Blog Posts, Medicare

What is Medicare Part A?

What is Covered Under Medicare Part A?

Generally, Medicare Part A covers inpatient hospital care, skilled nursing facility care, skilled nursing facility inpatient care, hospice care, and home health care. However, there are restrictions on what Medicare Part A will pay. Conditions, restrictions, and more information can be found on the Medicare website.

Does Medicare Part A Cover Nursing Homes?

Medicare Part A doesn’t cover nursing home care that is strictly custodial care. Custodial care involves assistance with activities of daily living, including bathing, dressing, and eating. Medicare considers skilled nursing facility care to be care that is “medically necessary” for the patient to receive.
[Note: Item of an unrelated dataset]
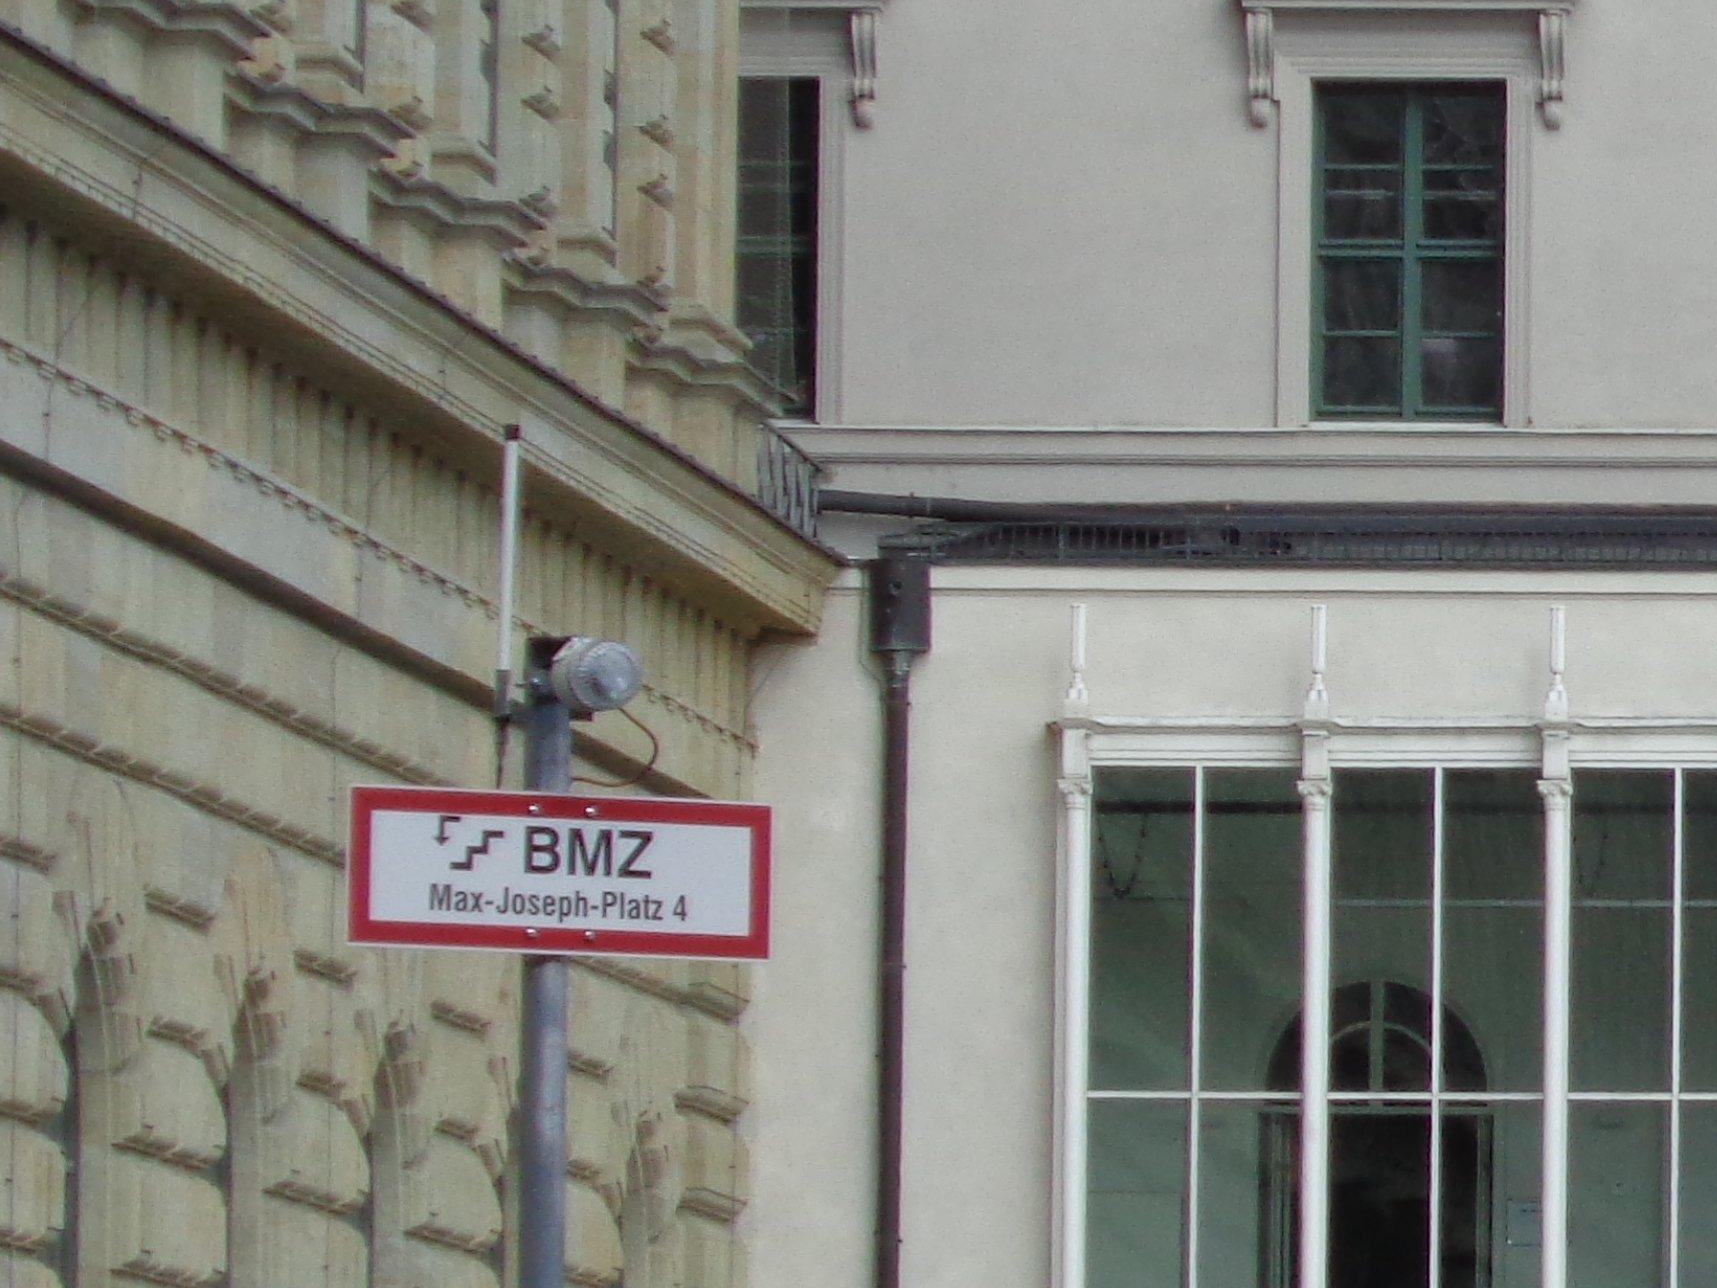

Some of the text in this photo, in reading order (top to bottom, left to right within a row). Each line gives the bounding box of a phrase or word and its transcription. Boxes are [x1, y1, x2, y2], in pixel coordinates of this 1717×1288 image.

Assuming conditions are met, Medicare may cover part of skilled nursing facility care. 

Do I Have to Pay for Medicare Part A?

Most people obtain Medicare Part A for free. To be eligible for free Medicare Part A at age 65, you must be eligible to receive Social Security retirement benefits or Railroad Retirement Board benefits or you or your spouse must have had Medicare-covered government employment.
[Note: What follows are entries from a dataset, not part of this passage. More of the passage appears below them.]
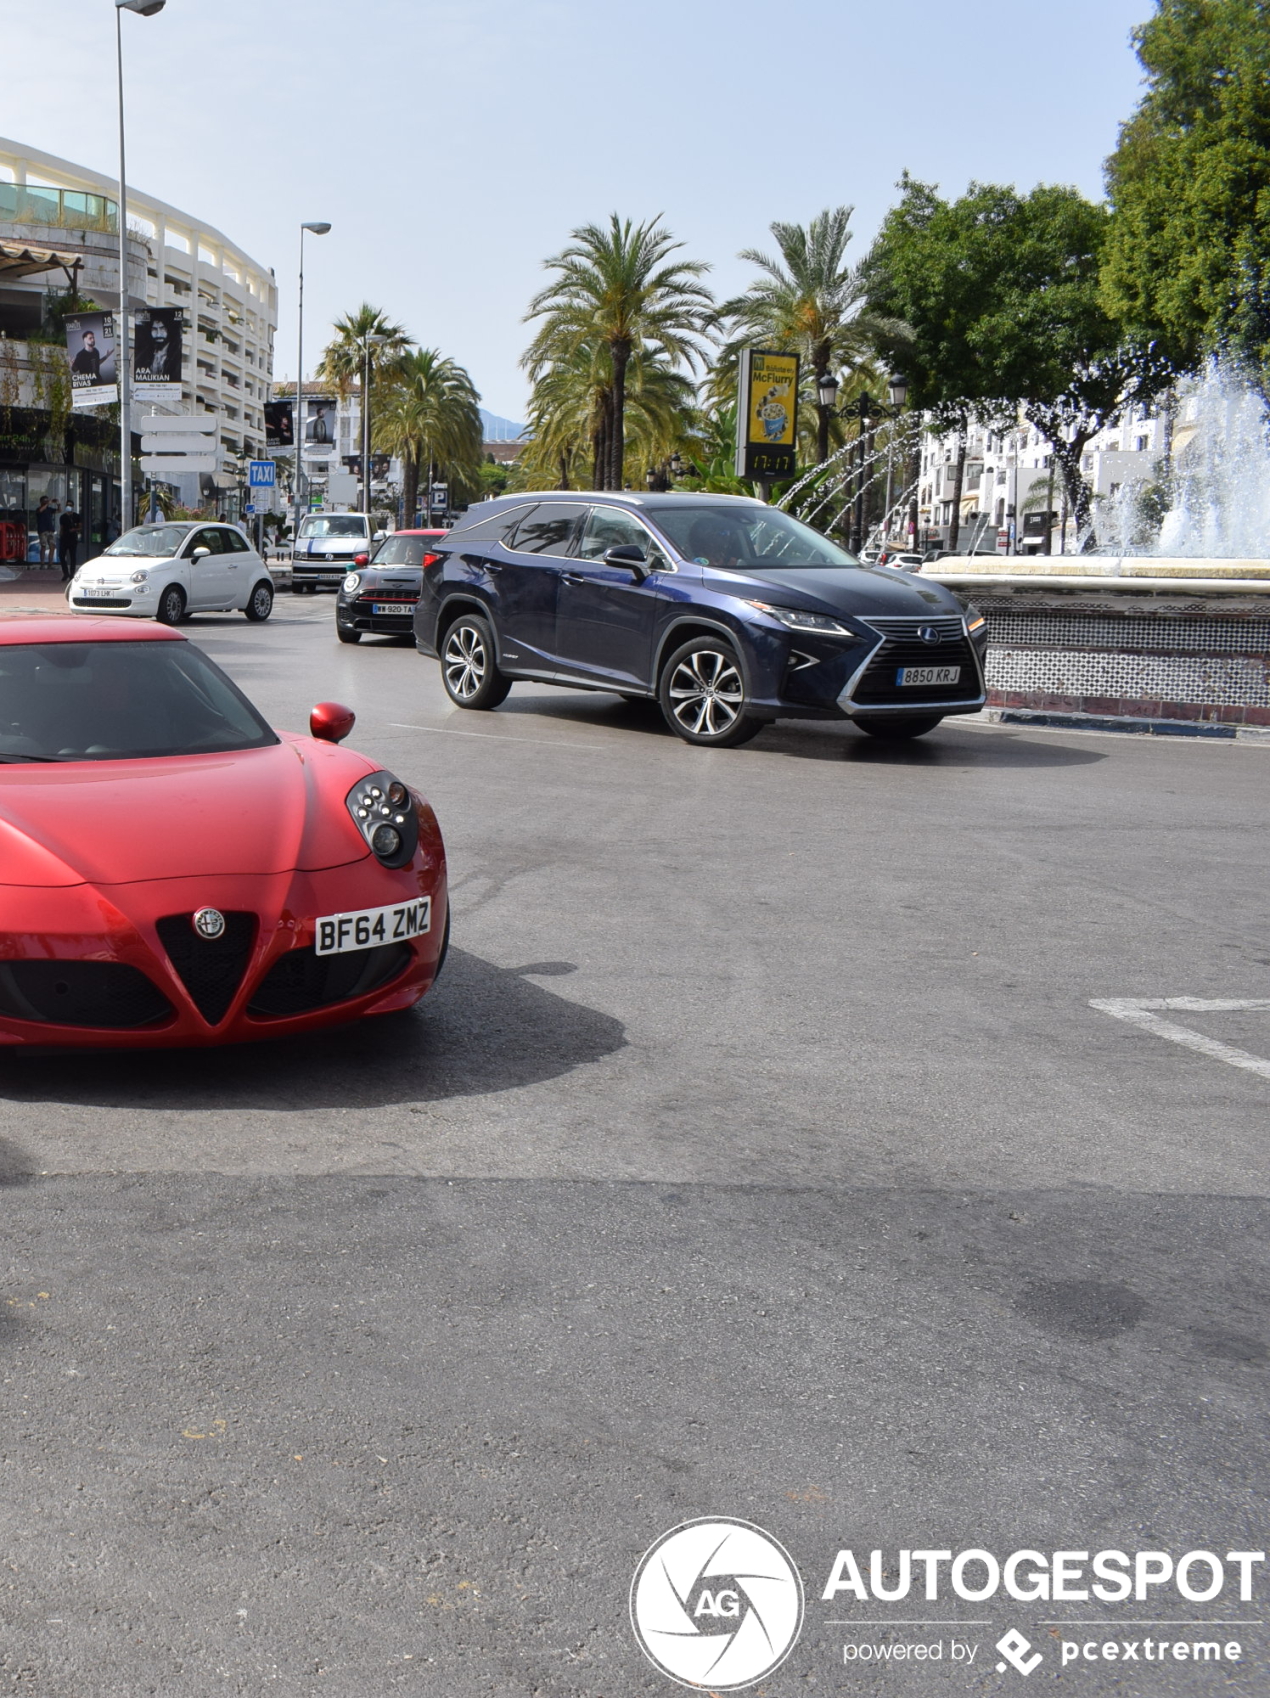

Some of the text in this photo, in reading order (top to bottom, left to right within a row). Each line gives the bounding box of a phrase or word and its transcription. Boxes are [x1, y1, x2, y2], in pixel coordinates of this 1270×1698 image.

[175, 310, 182, 318] 12
[72, 372, 97, 382] CHEMA
[72, 380, 92, 388] RIVAS
[753, 371, 794, 387] McFlurry
[754, 455, 789, 470] 17:17
[251, 465, 273, 483] TAXI
[434, 493, 445, 504] P
[905, 668, 959, 683] 8850 KRJ
[319, 901, 429, 951] BF64 ZMZ
If you are under 65, you may receive free Medicare Part A if you received Social Security disability benefits or Railroad Retirement Board disability benefits for 24 months or you have End-Stage Renal Disease and meet specific requirements. For more information, please see the Medicare website.

I Don’t Qualify for free Medicare Part A. Can I Purchase It?
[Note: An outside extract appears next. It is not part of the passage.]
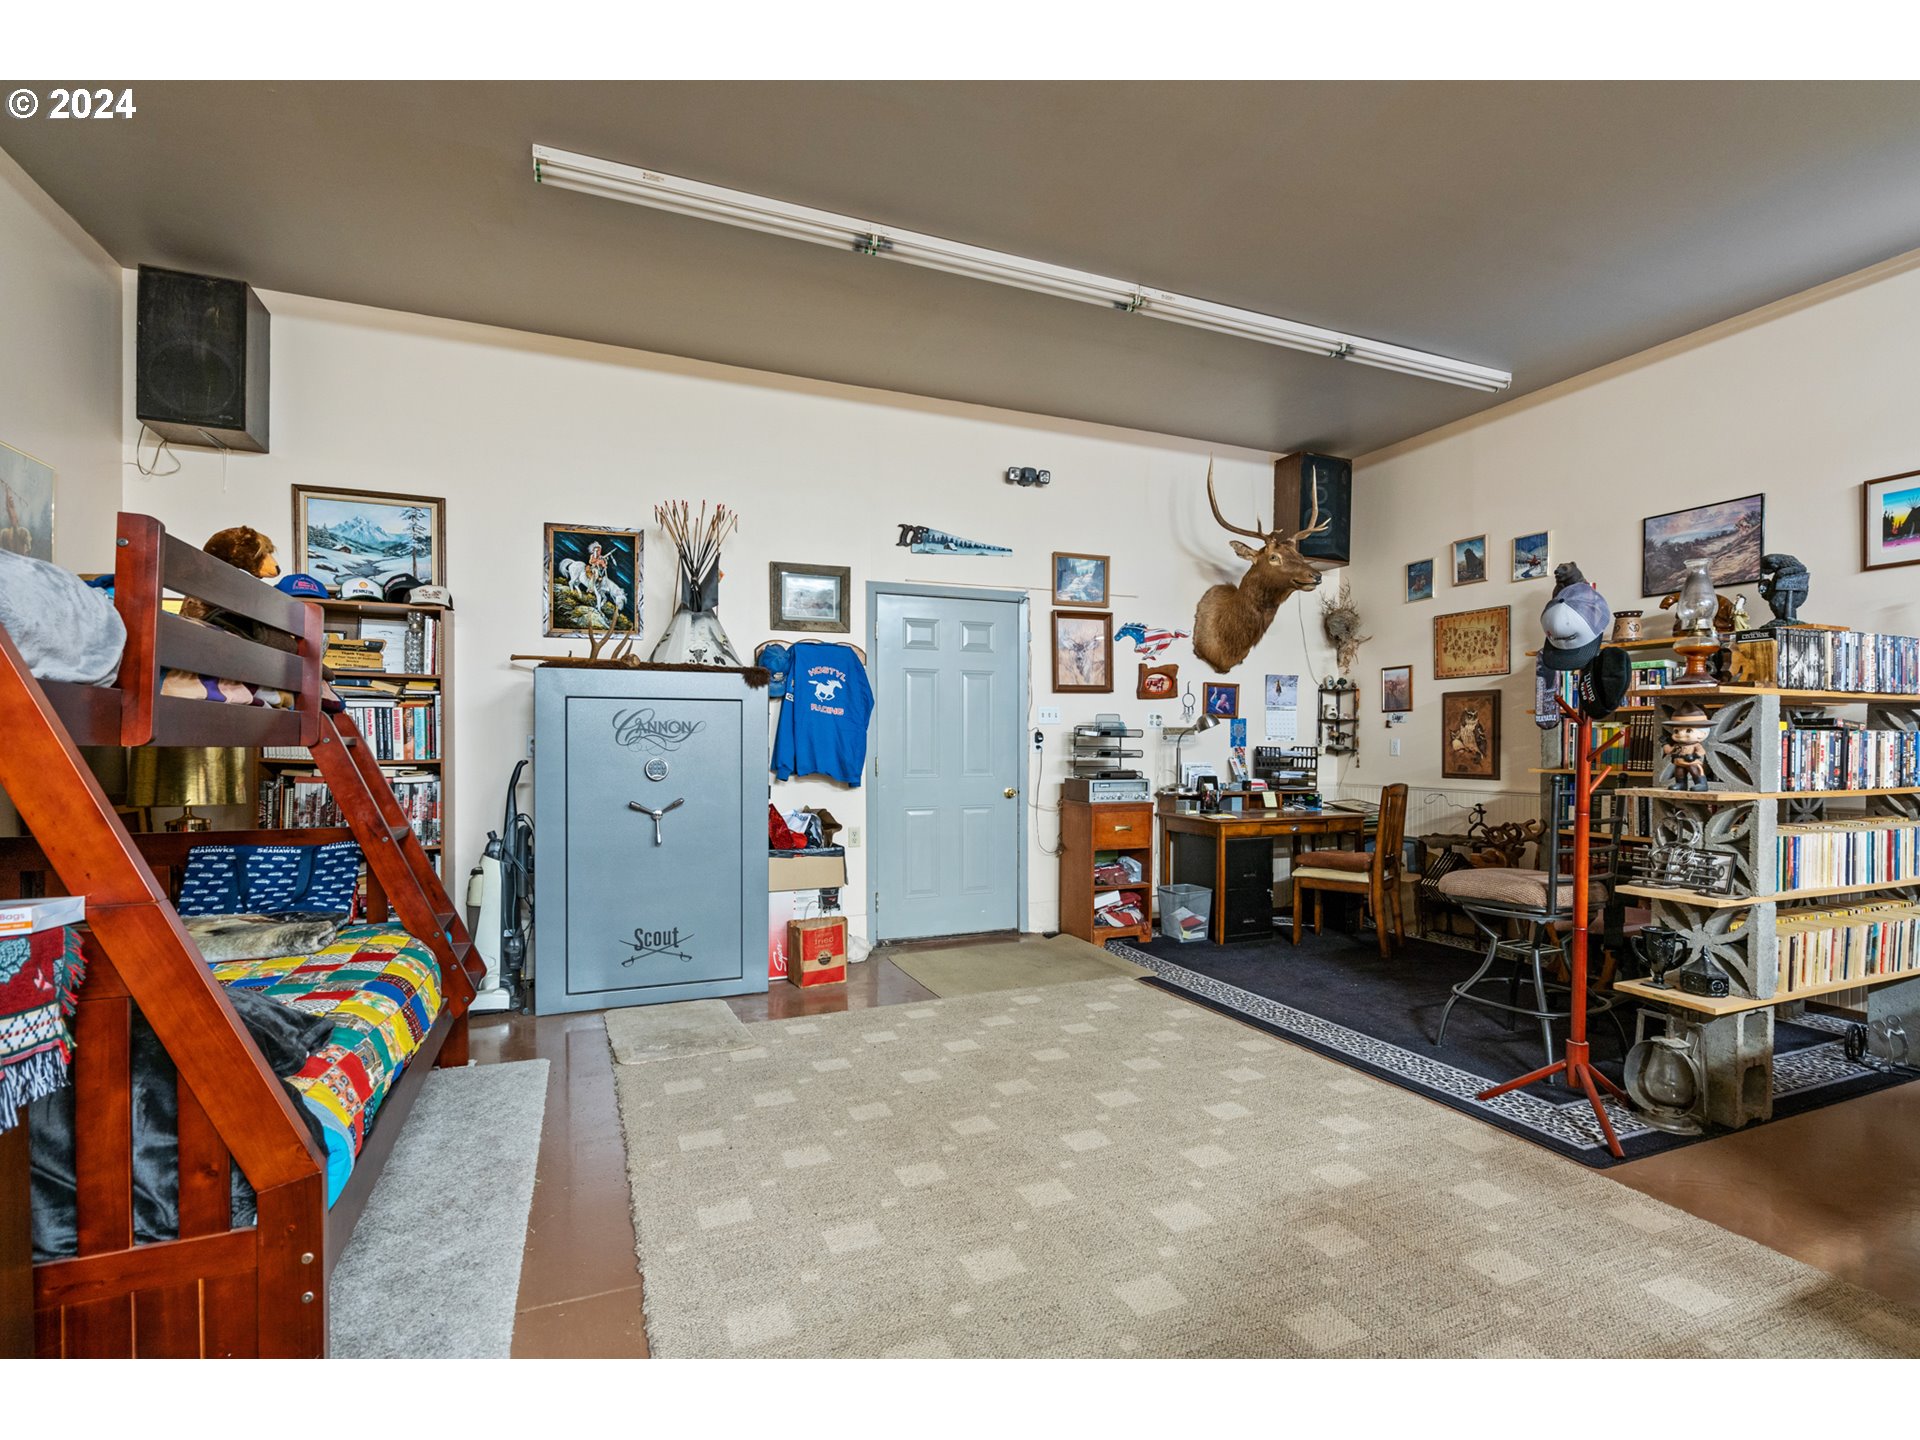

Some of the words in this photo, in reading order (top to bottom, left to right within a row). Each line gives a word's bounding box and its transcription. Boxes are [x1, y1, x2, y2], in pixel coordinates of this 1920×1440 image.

[810, 703, 844, 716] RACING
[612, 708, 706, 756] CANNON
[634, 927, 679, 951] Scout
[773, 939, 788, 973] Super
If you do not qualify for free Medicare Part A, you may be able to purchase it. If you are over 65 years old, you may purchase Medicare Part A if you purchase Part B and meet citizenship and residency requirements.

If you are under 65, you may only purchase Medicare Part A if you are disabled and your free Part A coverage ended because you went back to work.

How Does Medicare Fit into My Retirement Plan?

Let’s talk about getting ready for retirement and how Medicare impacts your plan. Ready to get started? Send us a message.

For more information, please visit the Medicare website.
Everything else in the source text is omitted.